[[ LISTED ENTRIES, beginning ]]

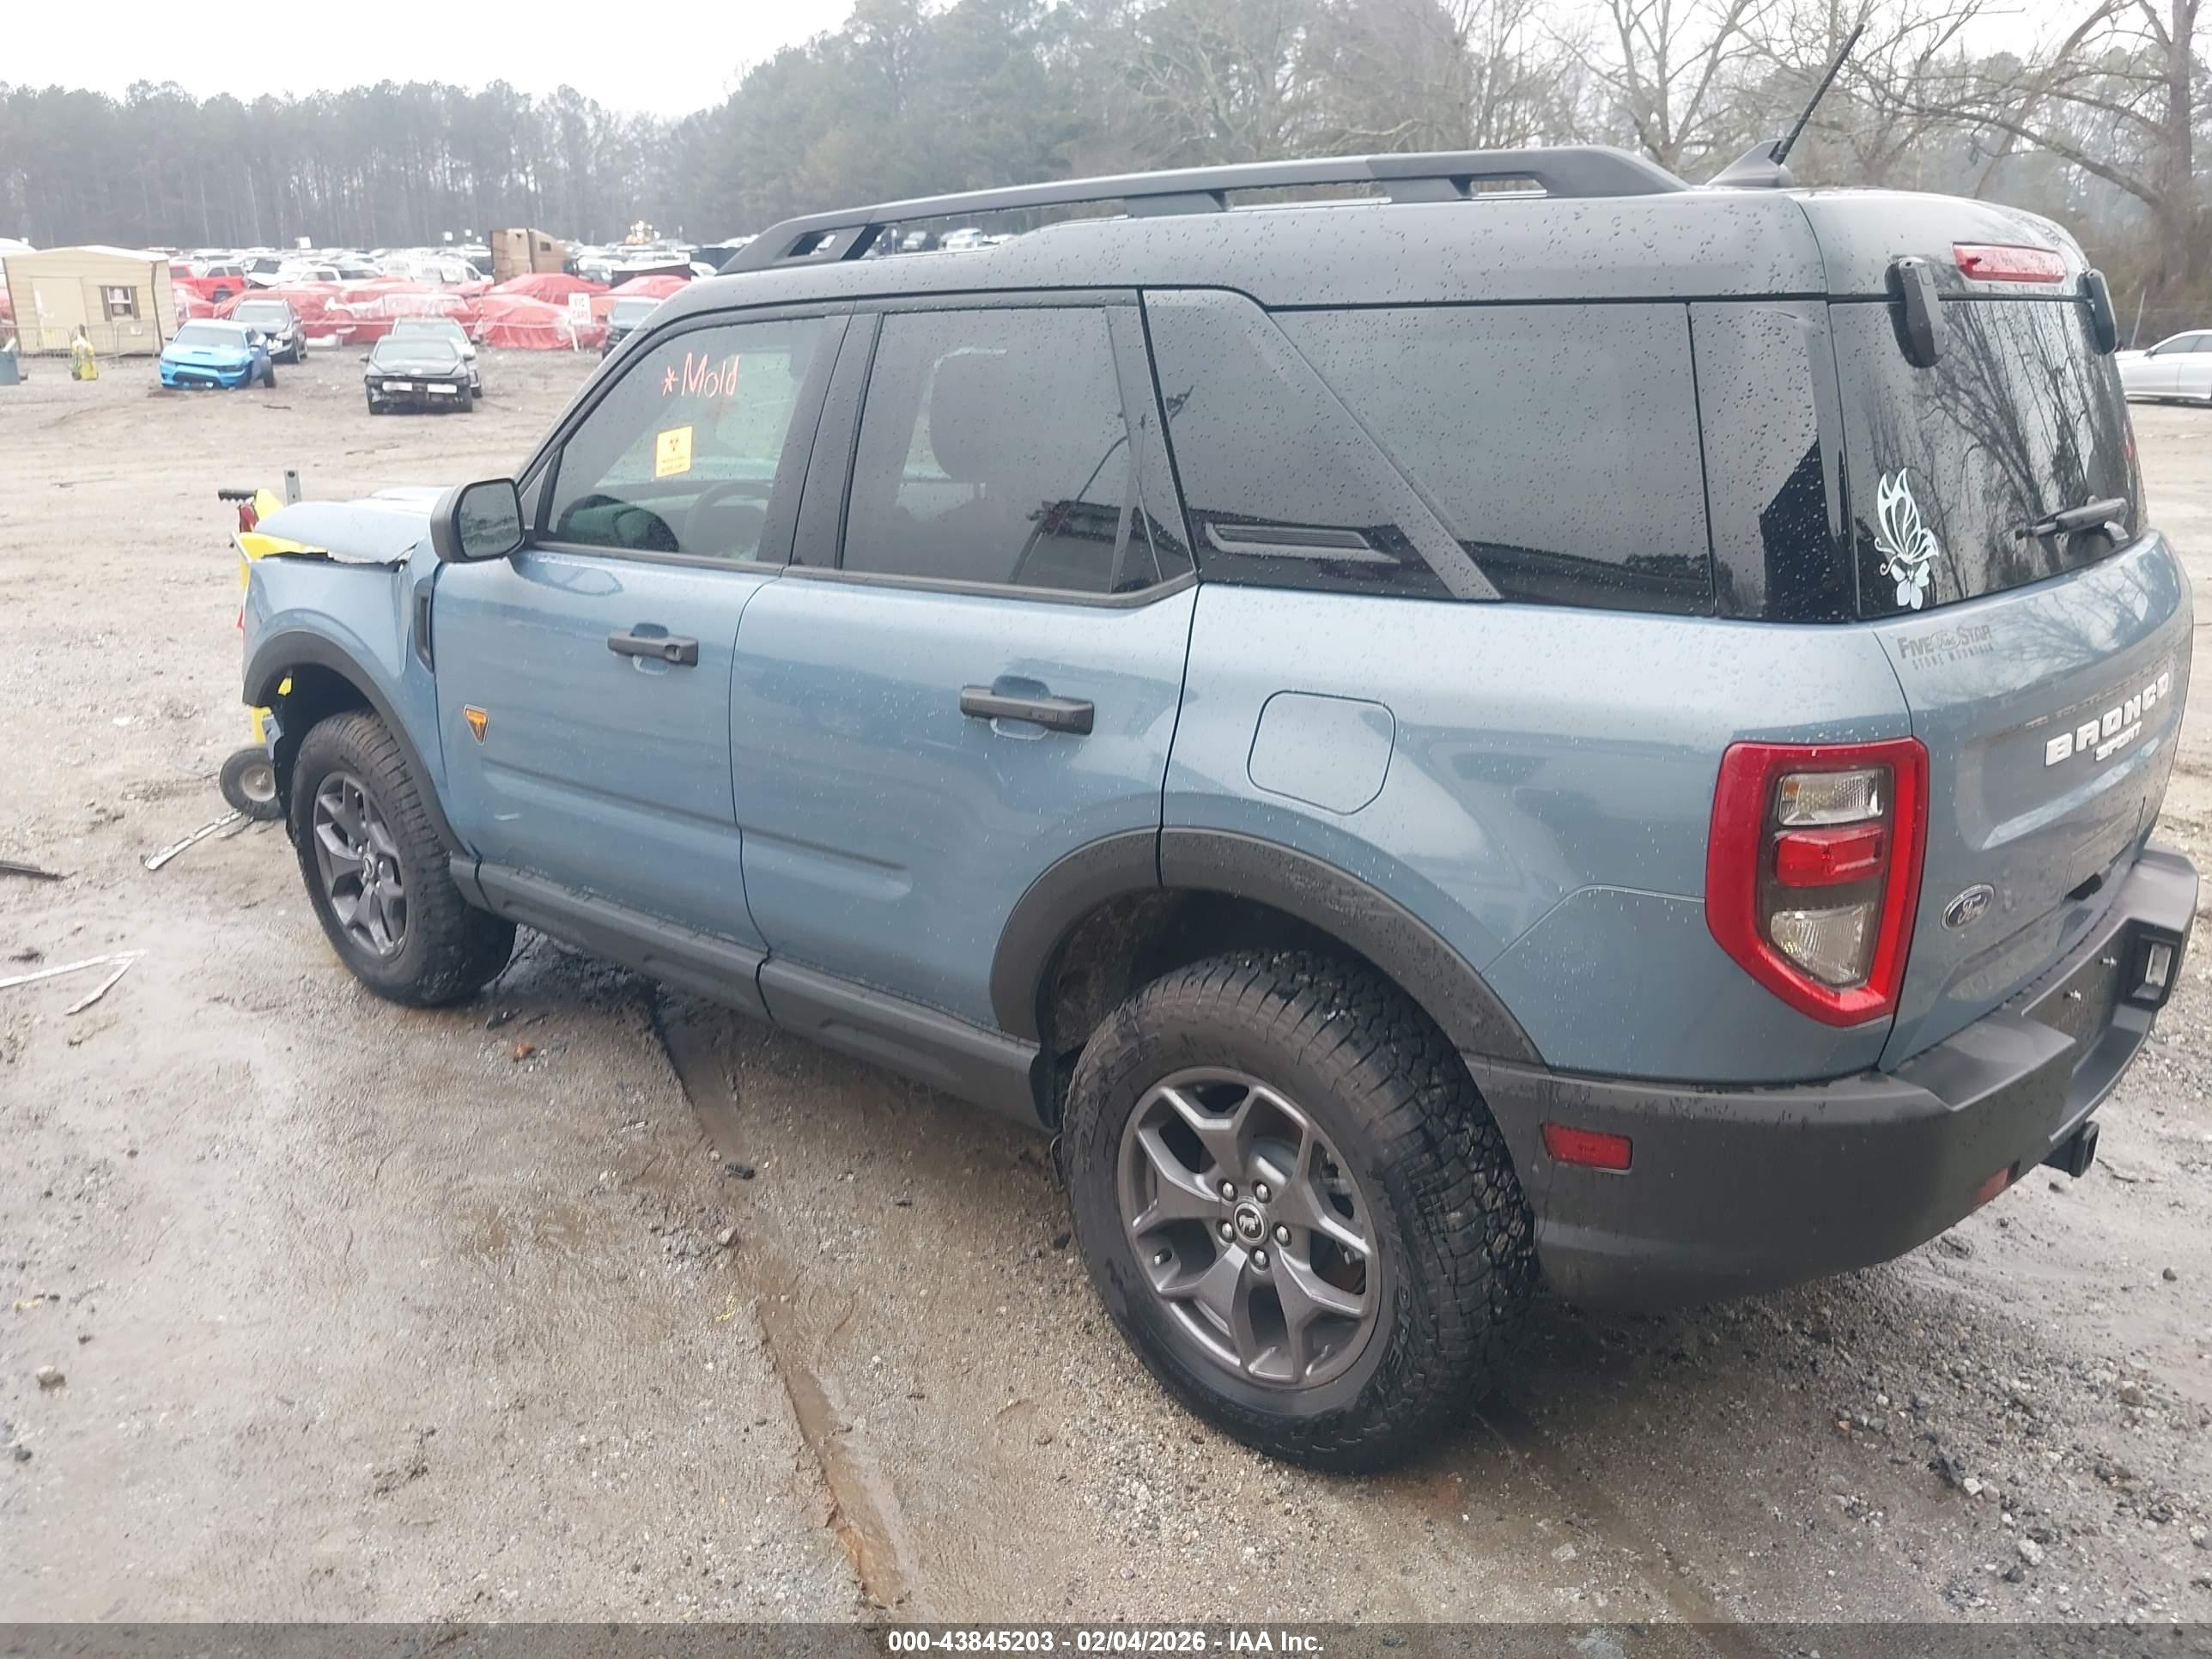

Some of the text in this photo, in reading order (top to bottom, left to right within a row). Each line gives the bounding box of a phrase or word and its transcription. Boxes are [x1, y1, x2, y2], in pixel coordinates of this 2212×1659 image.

[1897, 636, 1935, 659] FIVE
[1956, 624, 1992, 646] STAR
[2045, 672, 2169, 767] BRONCO
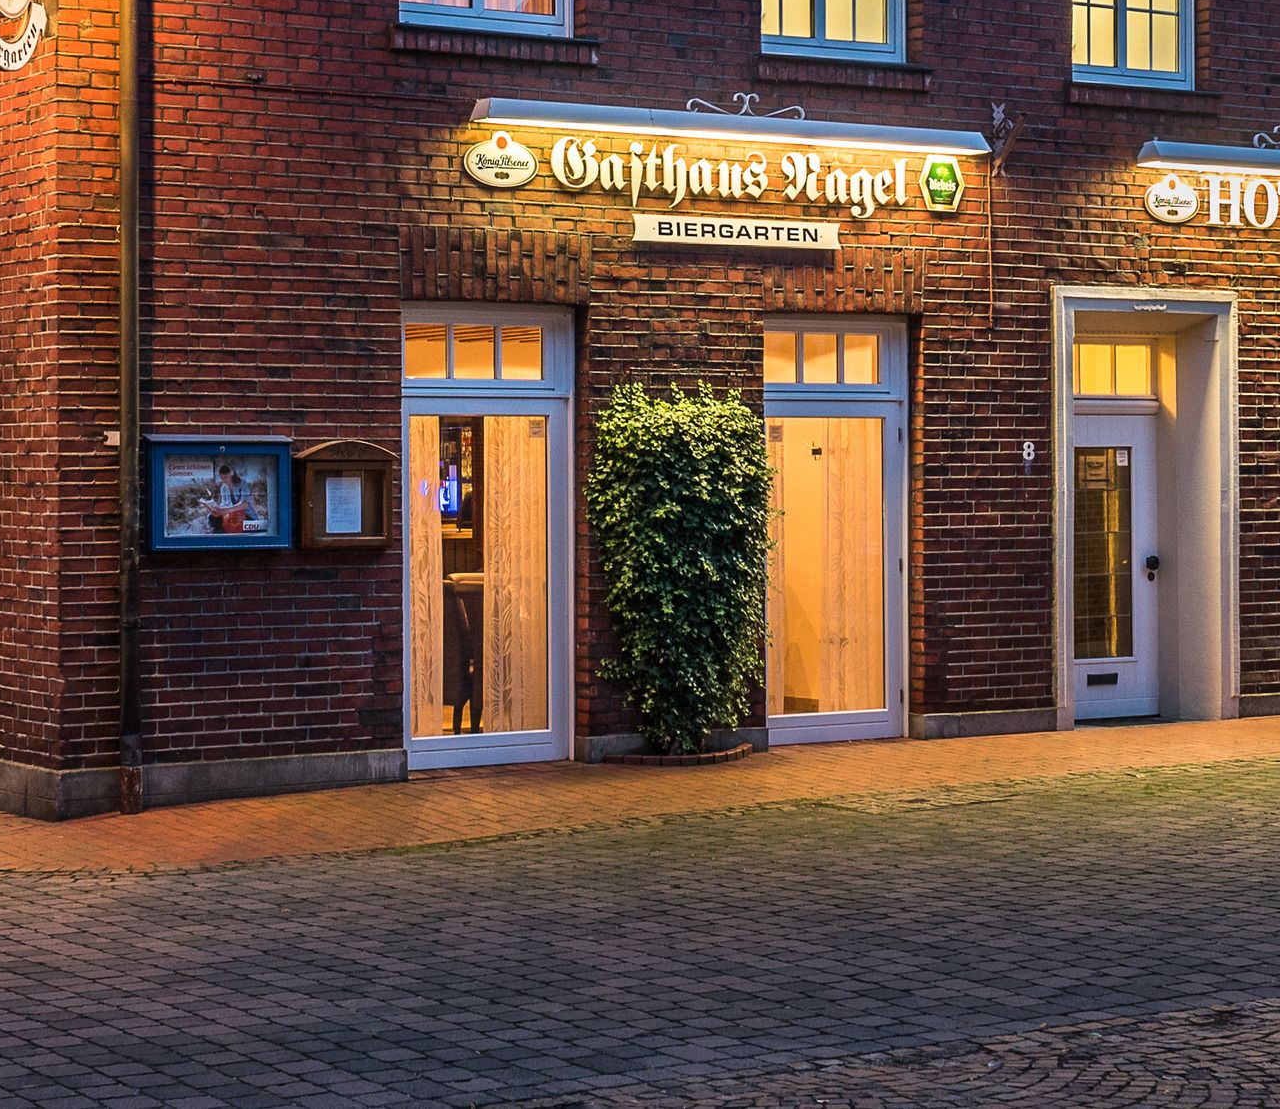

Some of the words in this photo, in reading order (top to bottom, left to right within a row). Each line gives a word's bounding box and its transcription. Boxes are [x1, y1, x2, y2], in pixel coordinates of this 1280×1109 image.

[780, 151, 910, 218] Nagel
[657, 221, 819, 243] BIERGARTEN
[1023, 441, 1035, 461] 8
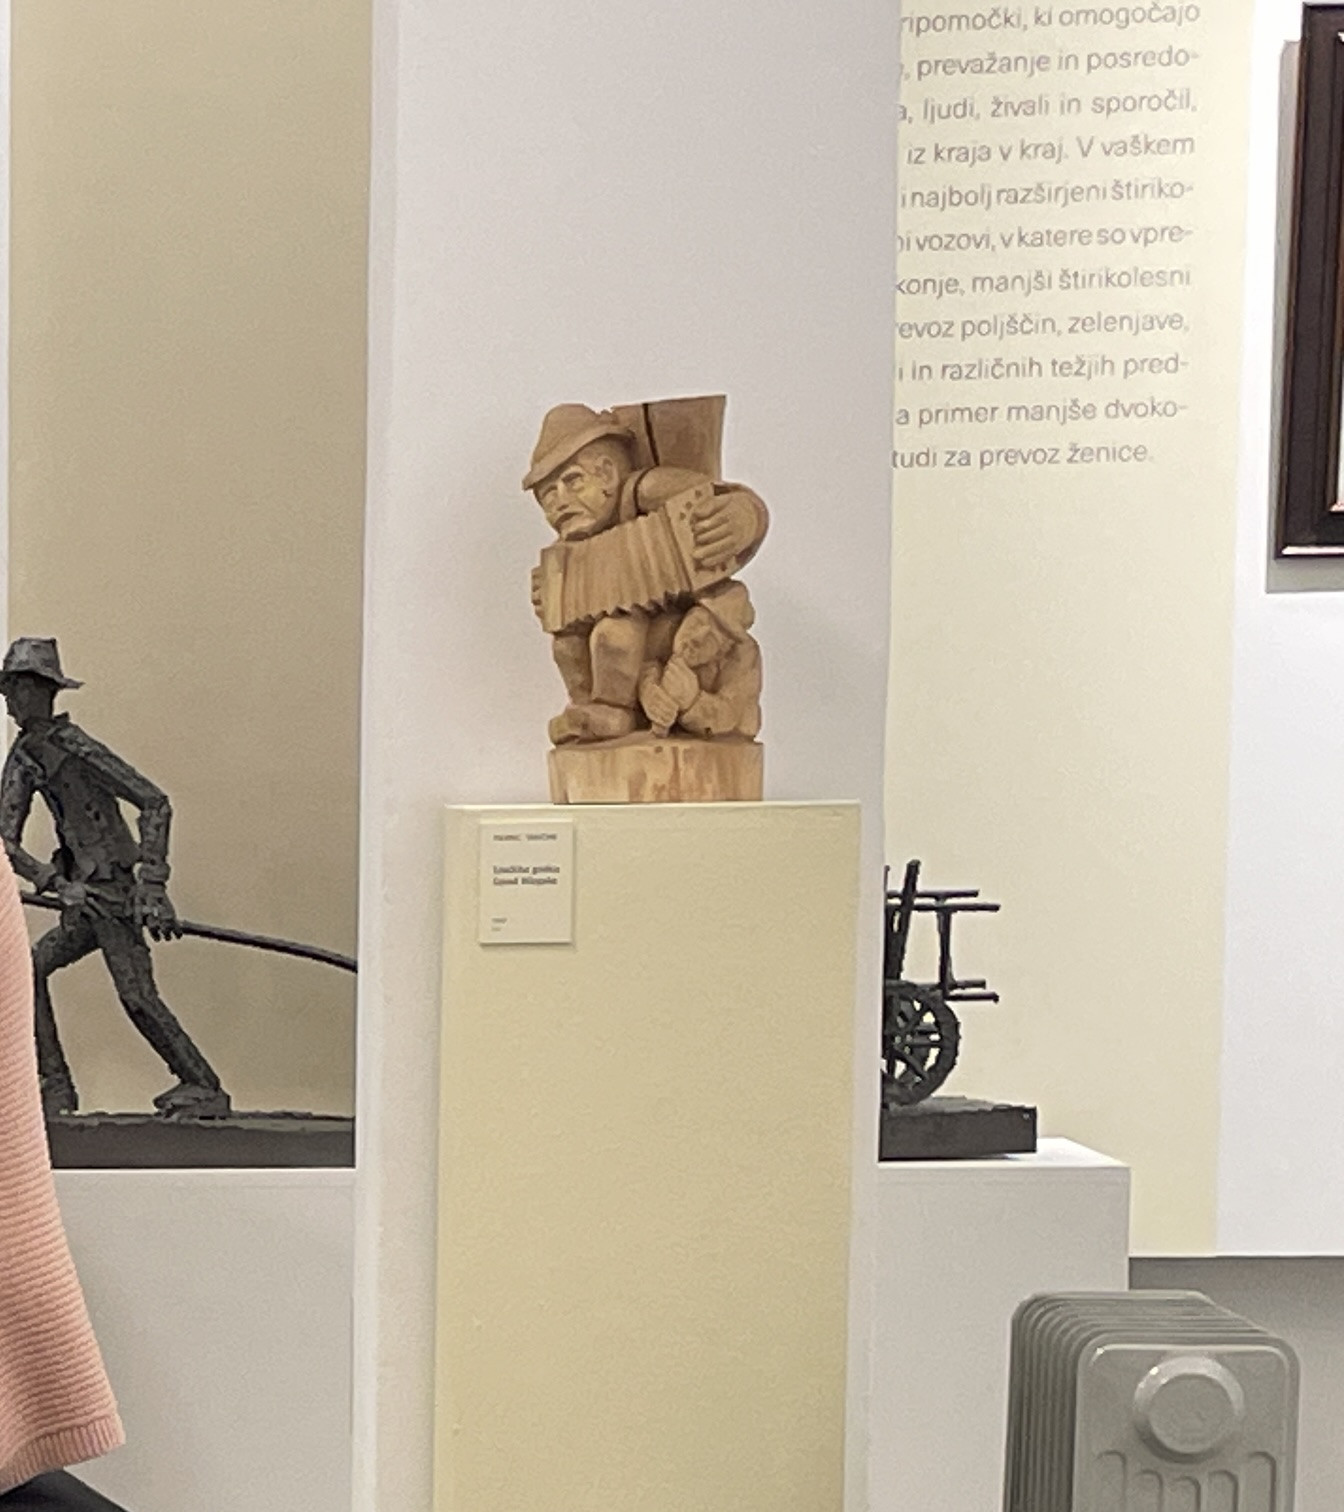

[[ LISTED ENTRIES, end ]]

* [EXERCISE BRIEF]
Without any pictures, please write out the lines from the one containing "Some of the words" through the final line of the data, exactly and inclusive of both ends.

* [RESULT FOR THIS EXERCISE]
Some of the words in this photo, in reading order (top to bottom, left to right within a row). Each line gives a word's bounding box and its transcription. Boxes are [x1, y1, x2, y2], in pixel coordinates of this 1280×1109 image.

[780, 151, 910, 218] Nagel
[657, 221, 819, 243] BIERGARTEN
[1023, 441, 1035, 461] 8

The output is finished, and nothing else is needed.